Right now Fedora is not officially supported by Playwright. Running it inside Docker is what developers are usually doing in such a scenario (you can read more about it in this issue).

When using pytest-playwright the issue only starts happening when the tests run in headed mode. We can see some libraries missing from that stack error.

Install dependencies for Fedora 41

sudo dnf install -y libicu \
    libjpeg-turbo \
    libwebp \
    flite \
    pcre \
    libffi \
    mesa-libgbm \
    libdrm \
    xorg-x11-server-Xvfb \
    atk \
    at-spi2-atk \
    libXcomposite \
    libXdamage \
    libXrandr \
    libXtst \
    cups-libs \
    libxcb \
    libXScrnSaver \
    alsa-lib \
    pango \
    cairo \
    nss

sudo dnf install -y gtk3 \
    libnotify \
    liberation-fonts \
    wqy-zenhei-fonts \
    liberation-sans-fonts \
    liberation-serif-fonts

Running pytest-playwright in headed mode

With the dependencies installed, now it’s possible to run pytest-playwright in headed mode.

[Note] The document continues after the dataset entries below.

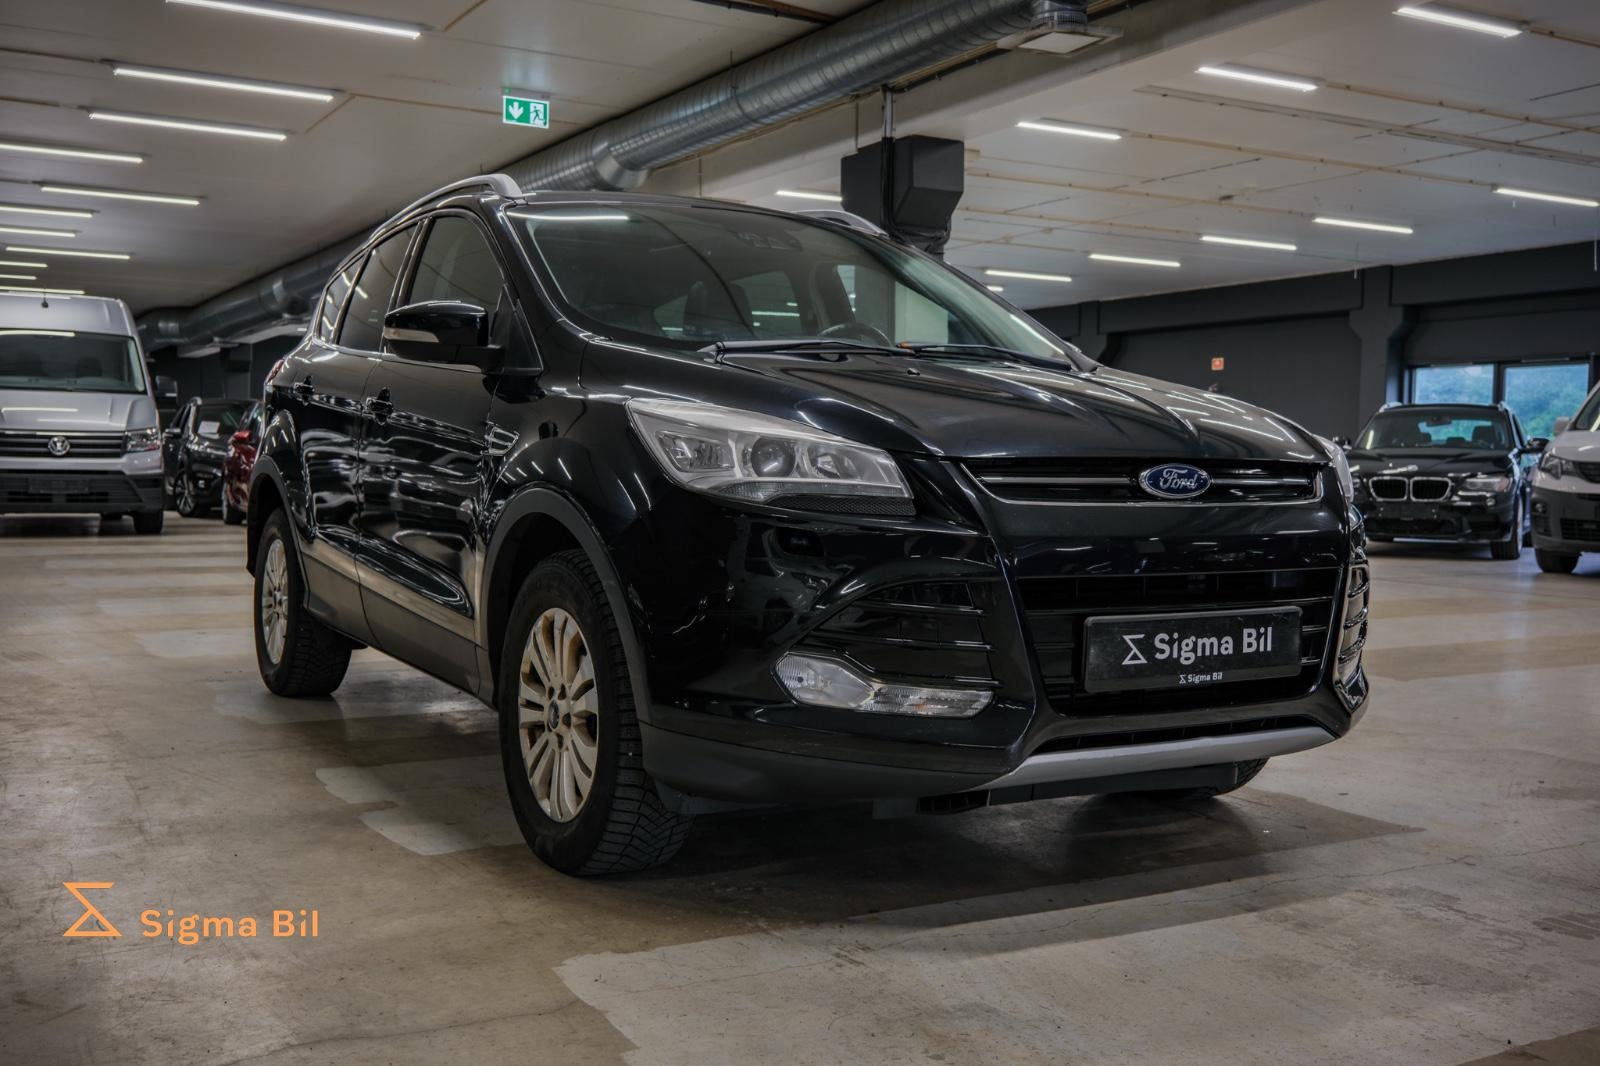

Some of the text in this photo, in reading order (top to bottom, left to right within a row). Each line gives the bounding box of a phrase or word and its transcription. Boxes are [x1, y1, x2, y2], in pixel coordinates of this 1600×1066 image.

[1160, 468, 1198, 490] Ford
[1154, 626, 1273, 665] Sigma Bil
[1187, 671, 1223, 684] Sigma Bil
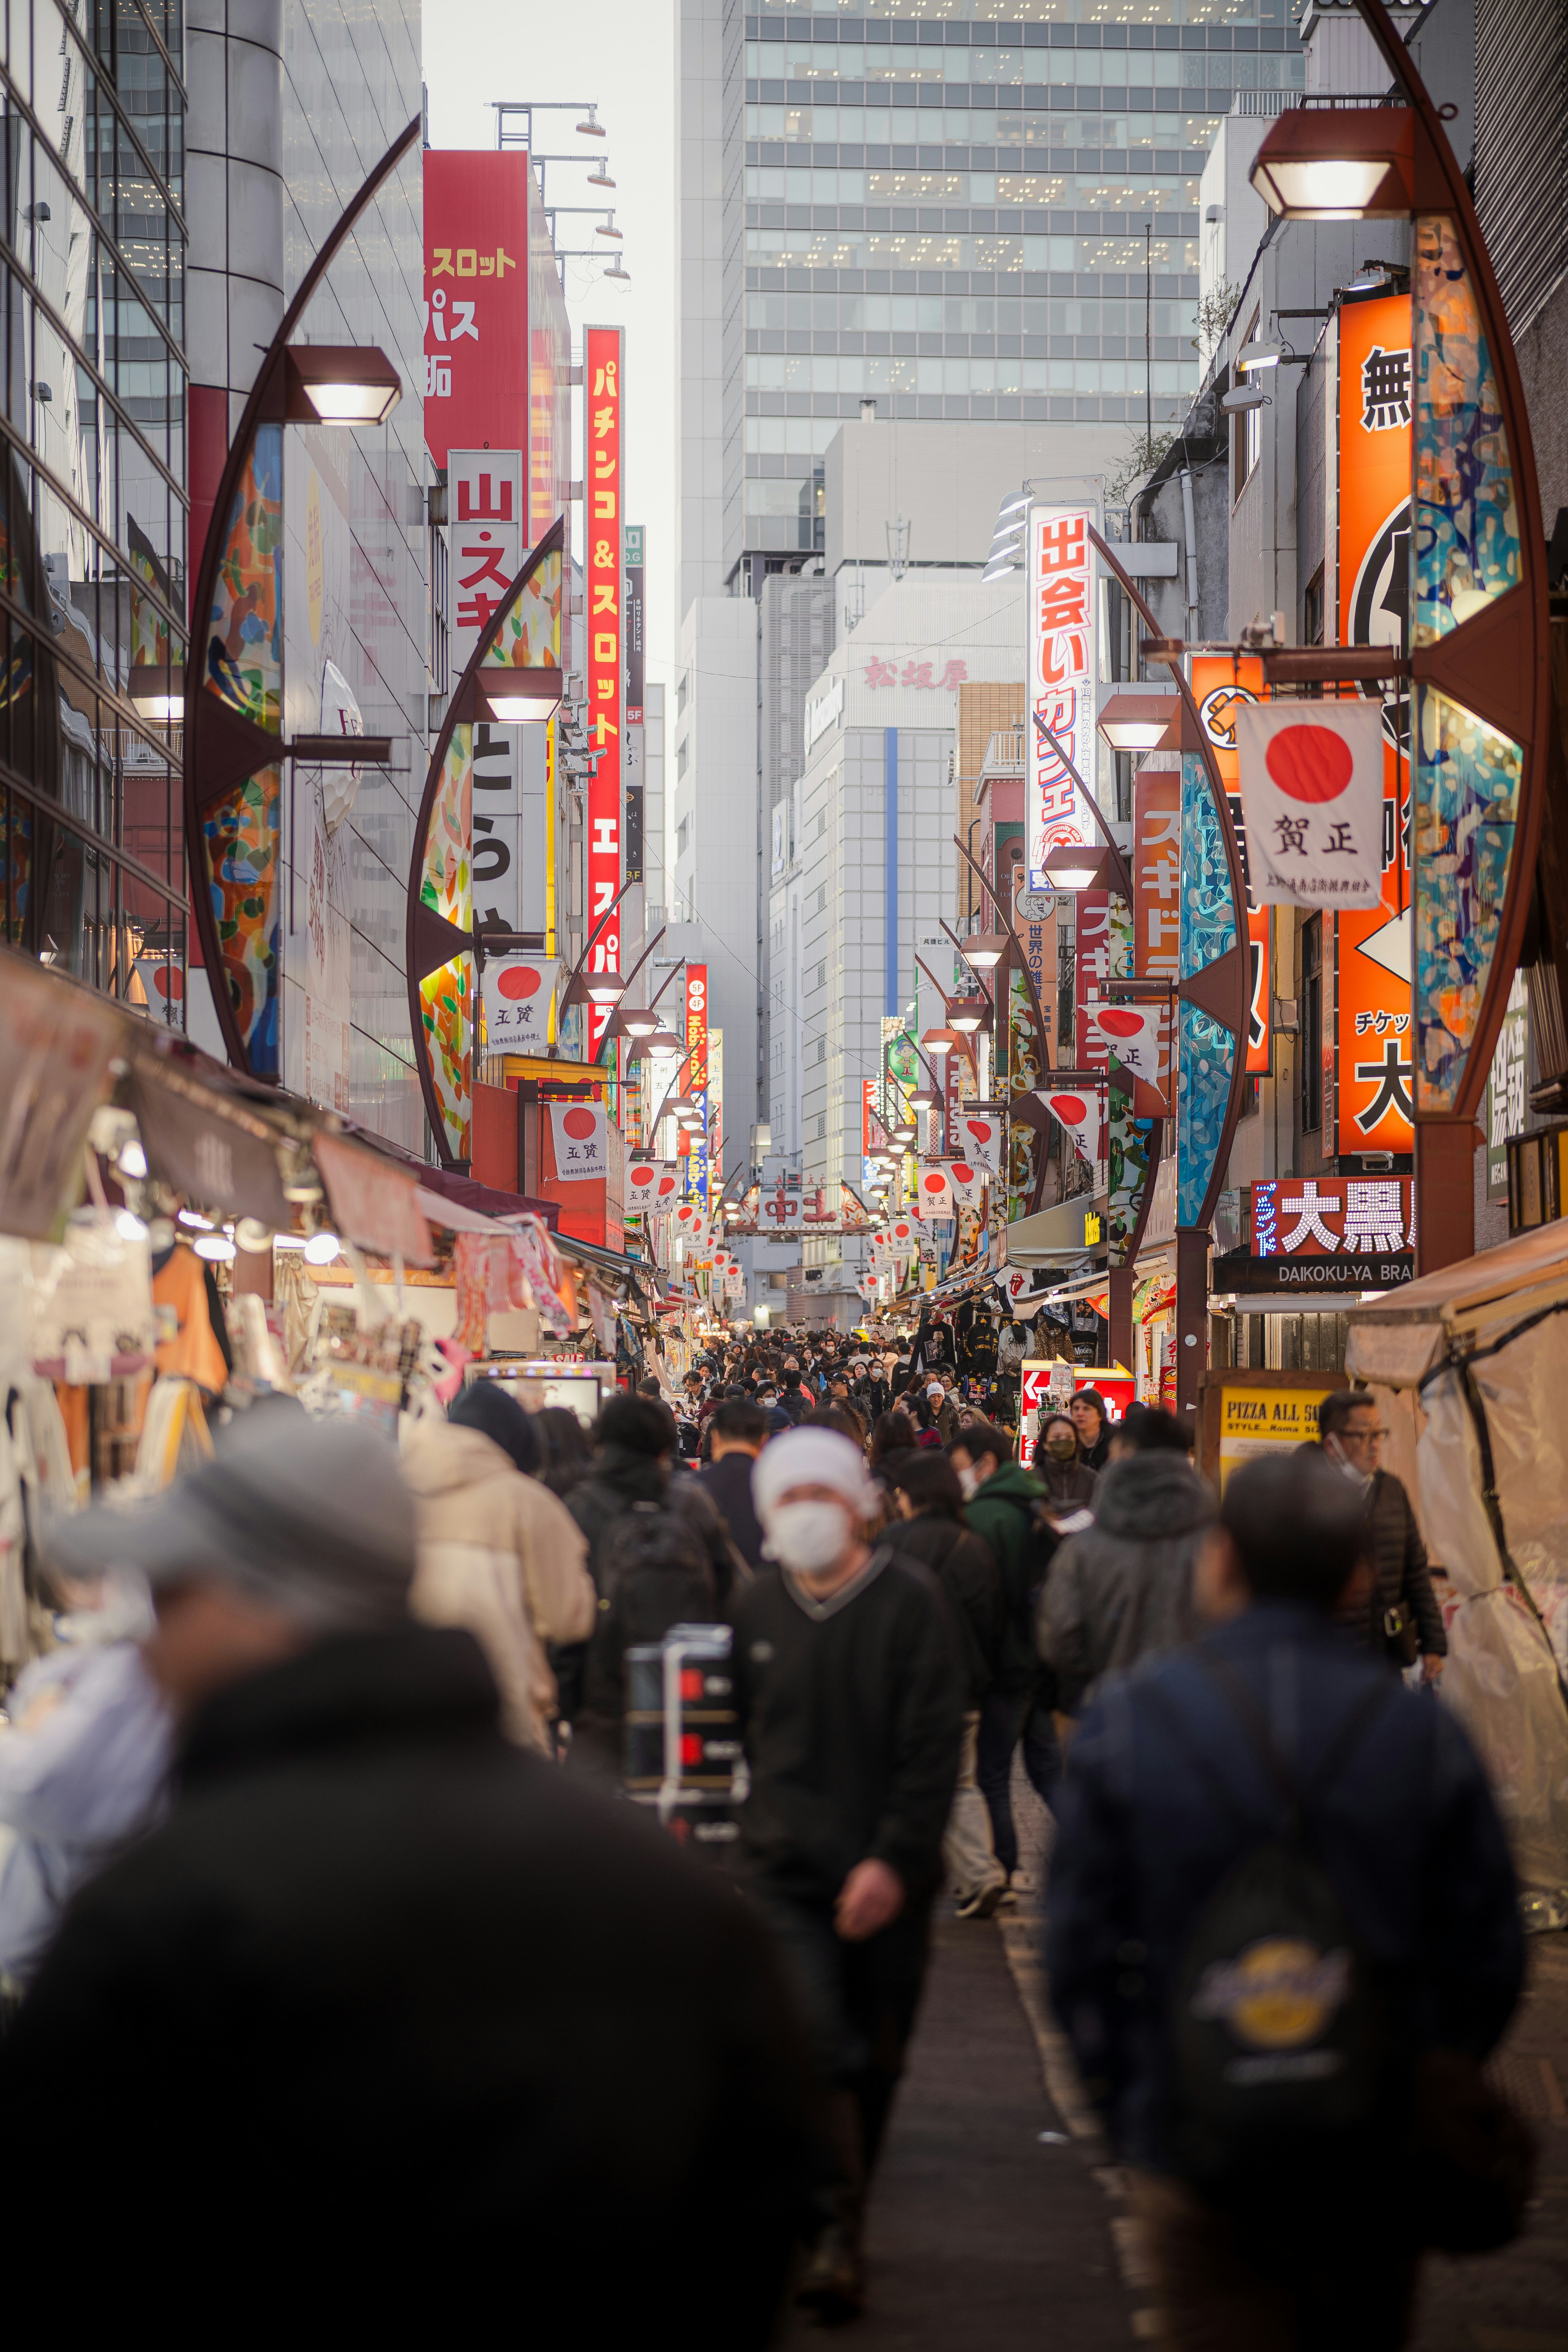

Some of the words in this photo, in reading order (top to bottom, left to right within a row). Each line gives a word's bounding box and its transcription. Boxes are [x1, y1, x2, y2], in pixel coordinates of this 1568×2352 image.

[424, 289, 478, 341] パス
[1359, 346, 1412, 432] 無
[865, 656, 968, 690] 松坂屋
[627, 710, 641, 719] 5F
[1043, 825, 1071, 842] community
[1071, 830, 1080, 842] cafe
[1273, 816, 1358, 856] 賀正
[927, 1197, 947, 1207] 賀正
[1281, 1181, 1416, 1253] 大黒
[1279, 1265, 1372, 1282] DAIKOKU-YA
[555, 1353, 584, 1363] SALE
[1227, 1401, 1267, 1420] PIZZA
[1272, 1403, 1300, 1422] ALL

First make sure to pip install pytest-playwright.

Add the simple following test in the tests folder with a nomenclature that pytest will be able to find it, e.g tests/test_playwright_page.py.

import re
from playwright.sync_api import Page, expect

def test_has_title(page: Page):
    page.goto("https://playwright.dev/")

    expect(page).to_have_title(re.compile("Playwright"))

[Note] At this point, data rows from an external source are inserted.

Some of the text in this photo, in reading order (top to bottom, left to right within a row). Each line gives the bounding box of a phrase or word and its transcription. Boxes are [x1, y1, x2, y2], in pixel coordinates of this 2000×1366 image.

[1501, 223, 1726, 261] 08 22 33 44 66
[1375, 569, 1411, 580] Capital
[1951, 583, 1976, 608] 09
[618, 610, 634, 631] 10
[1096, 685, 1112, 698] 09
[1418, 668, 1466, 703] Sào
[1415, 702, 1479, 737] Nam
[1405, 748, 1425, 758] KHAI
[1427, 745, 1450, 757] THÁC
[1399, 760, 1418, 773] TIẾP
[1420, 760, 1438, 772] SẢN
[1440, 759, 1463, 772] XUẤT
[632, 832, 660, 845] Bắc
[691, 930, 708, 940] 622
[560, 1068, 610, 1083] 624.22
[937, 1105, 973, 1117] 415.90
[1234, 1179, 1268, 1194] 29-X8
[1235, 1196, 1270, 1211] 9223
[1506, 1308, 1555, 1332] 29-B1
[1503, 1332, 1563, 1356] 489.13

The command to run this small test in headed mode is pytest --headed. You should be able to see a small window open and shutting real fast and a similar output in your terminal:

$ pytest --headed
======================= test session starts =======================
platform linux -- Python 3.12.8, pytest-8.3.4, pluggy-1.5.0
rootdir: /home/acabista/Documents/automations/web-automation-framework
configfile: pyproject.toml
plugins: anyio-4.8.0, base-url-2.1.0, playwright-0.7.0
collected 1 item                                                  

tests/test_playwright_page.py .                             [100%]

======================== 1 passed in 0.95s ========================

Conclusion

I hope this helped you with your Playwright setup in Fedora. If it didn’t, there are many discussions happening in the GitHub issues page for Playwright about the missing support for Linux OS and the community is posting a lot of different solutions in the comments. I recommend you to take a look at the issues to check for different solutions.